E então lembrou-se e disse para a arraia:
- Você sempre fala em “nós”. Há
mais alguém além de você e o boto?
Nisso,
a mulher foi agarrada por trás e sentiu um aço frio tocar sua garganta. O boto
havia cortado as cordas que o prendiam e agora estava com a lâmina de um punhal
apontado para a garganta dela pronto para cortá-la. O boto disse rindo de
prazer:
- Um boto sempre anda com uma
arraia que usa como chapéu e com um poraquê* que transforma em punhal e foi com
ele que eu cortei as cordas e me soltei. Agora quem vai te matar sou eu, mas
antes vamos nos divertir um pouco, estou te desejando desde a hora na festa e
ainda não me satisfiz com você. E aquelas meninas, ora, todas gostam do boto, garanto
que elas se divertiram, todas as centenas que eu tirei a virgindade nos últimos
anos. Elas deveriam se sentir honradas, o boto não faz sexo com qualquer uma.
Após
essas palavras o boto gargalhou. As gargalhadas cresciam cada vez mais, assim
como o ódio dentro daquela mulher. Ela respirou fundo e pisou com força no pé
do boto, e num movimento rápido agarrou o braço que segurava o punhal e
afastou-o de sua garganta. Com mais espaço para agir, virou-se de acertou uma
cotevelada na garganta do boto, depois torceu seu braço e tomou-lhe a faca,
jogando a arma o mais longe que podia. Afastou-se um pouco, apenas a distância
para acertar um chute forte no estômago daquela criatura. O boto caiu no chão
gritando de dor, e logo em seguida a mulher montou em cima dele, despejando
dezenas de socos em seu rosto, até que ele parasse de se mexer.
O
boto ainda respirava apesar do rosto encharcado de sangue, estava semi
consciente. Ela se levantou, enfiou dois dedos no respiradouro no alto da
cabeça e ergueu o boto, que voltou a consciência plena e gritou
desesperadamente. Levou-o de volta a cadeira da qual ele havia se soltado, e no
meio do caminho pegou outro pedaço de corda para amarrá-lo.
Amarrou-o
ainda mais forte que na primeira vez e dessa vez revistou-o completamente atrás
de outros objetos que pudessem ser utilizados para que ele se soltasse. O sol
nascia ao fundo, sobre o rio. Ela respirou, se limpou um pouco da sujeira do
chão, se aproximou da criatura que ainda tinha forma humana, olhou no fundo dos
olhos dele e disse:
- Olha, não gosto de falar sobre
mim. Mandacaru sempre conta sua história de vida para quem ele vai matar, mas
eu detesto fazer isso, acho completamente ridículo, irrelevante desnecessário.

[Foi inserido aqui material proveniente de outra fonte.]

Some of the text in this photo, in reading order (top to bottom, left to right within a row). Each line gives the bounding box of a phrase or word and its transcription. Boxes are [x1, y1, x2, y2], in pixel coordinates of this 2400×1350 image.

O problema é que de alguma forma ele se diverte fazendo isso e eu nunca entendi
por que. Eu prefiro ser mais direta, fazer o serviço logo e depois ir embora.

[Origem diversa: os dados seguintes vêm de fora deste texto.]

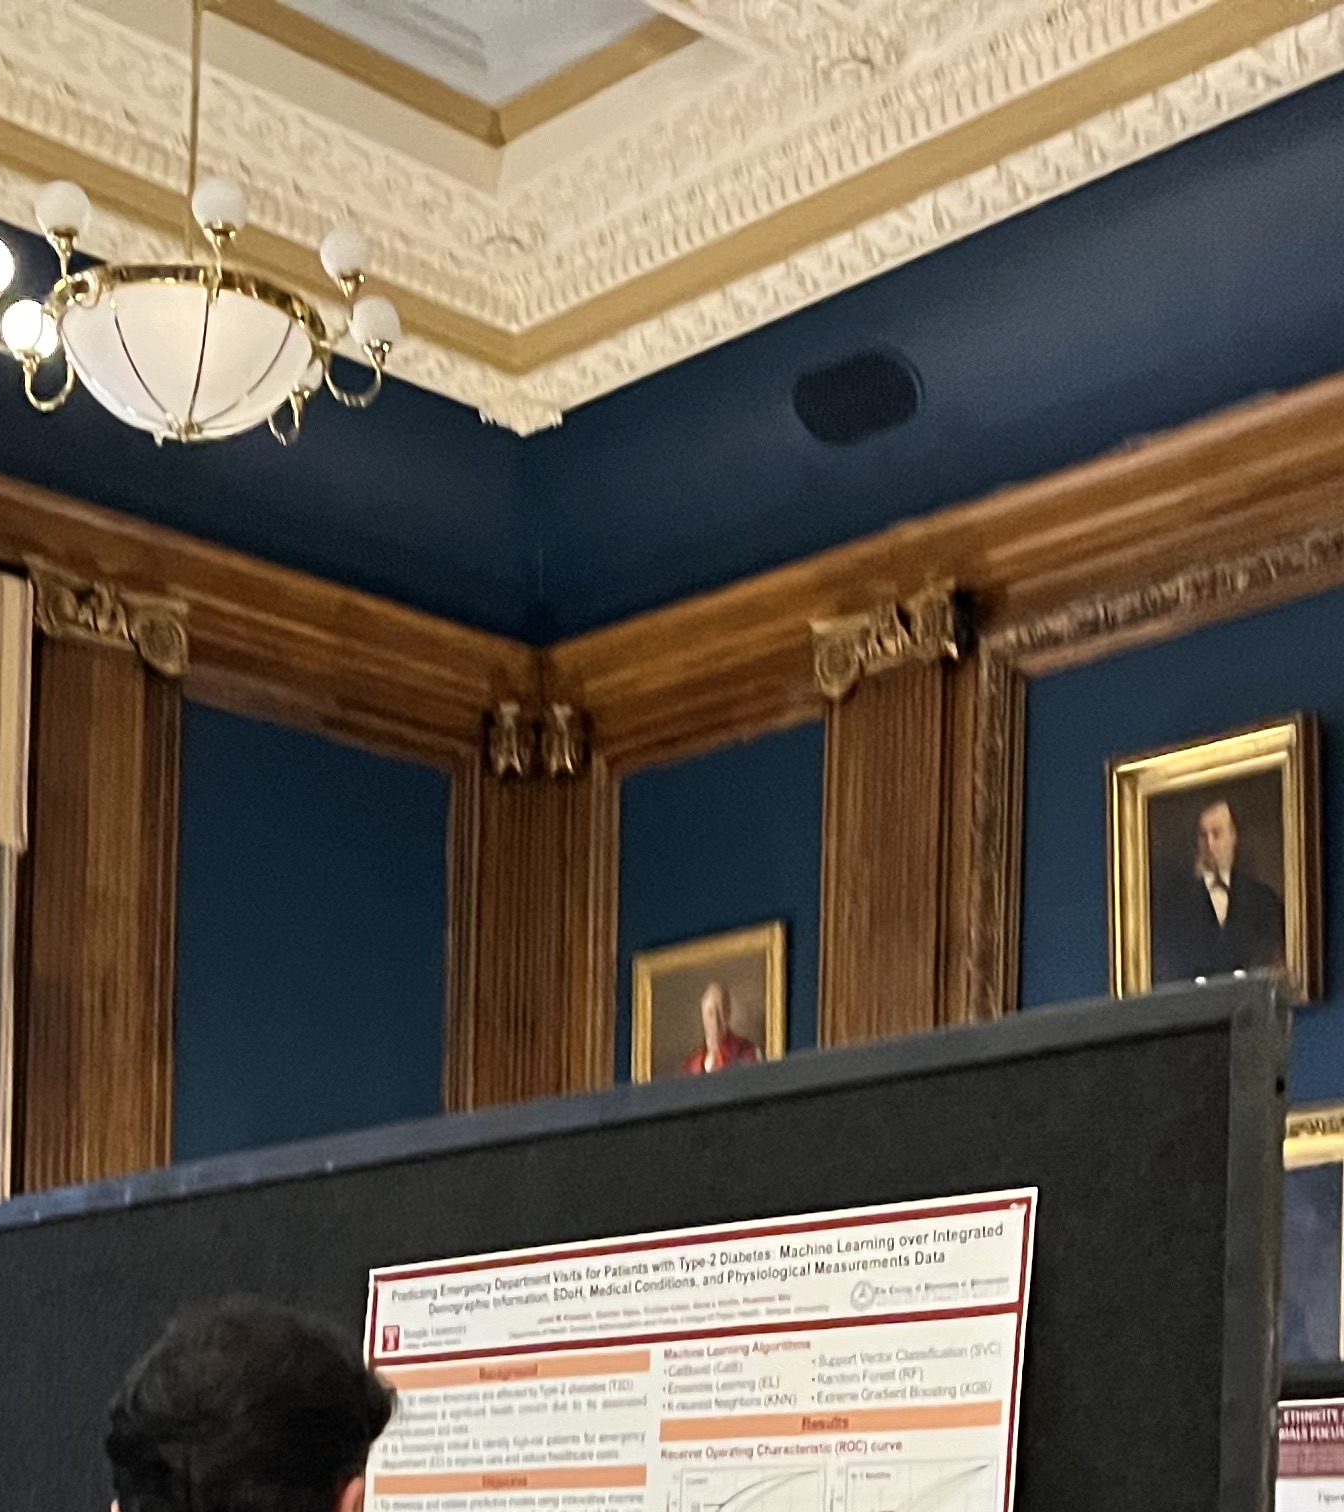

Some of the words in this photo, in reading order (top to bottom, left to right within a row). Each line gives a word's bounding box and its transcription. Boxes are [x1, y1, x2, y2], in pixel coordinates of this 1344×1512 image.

Só que no seu caso eu vou abrir uma exceção e assim você vai saber o porquê de eu
te fazer sofrer antes de te matar.
Ela
se afastou um pouco. Olhou para o lado e viu que a faca voltou a ser o poraquê,
que agonizava num canto da cabana por não estar dentro da água. Ela sorriu com
a agonia do peixe e sua morte lenta, então começou sua história:
- O dia ao certo em que nasci eu
não sei, mas na minha antiga certidão de batismo dizia que foi no dia 17 de
dezembro de 1921, perto do natal, numa casa simples em Imperatriz, Maranhão.
Provável que eu tivesse nascido antes, mas isso não faz mais muita diferença.
Com o tempo a época que você nasceu deixa de ser tão importante, ainda mais
quando não mais se pode morrer. Minha mãe era descendente de índios e meu pai
negro, filho de ex escravos. Acabei recebendo um nome por sugestão da minha
mãe, o padre não gostou muito mas acabou aceitando que meu nome fosse Iaciara
da Silva. Simples e direto, como eu costumo ser.
- A minha vida foi dura como a de
qualquer pessoa pobre no Brasil. Meu pai trabalhava carregando trens na
ferrovia da região. Sabe, Imperatriz sempre foi um entroncamento comercial do
Maranhão, muita coisa passava por lá: madeira e produtos da terra, além da
produção de várias fazendas de cidades próximas. A vida era dura com meu pai
trabalhando de sol a sol e minha mãe costurando roupas, mas eu dei sorte e cresci
sem ter passado muita fome na vida. À medida que fui crescendo passei a chamar
a atenção dos homens. Na época eu não entendia porque, era muito inocente...
Mas a inocência é feita para ser perdida.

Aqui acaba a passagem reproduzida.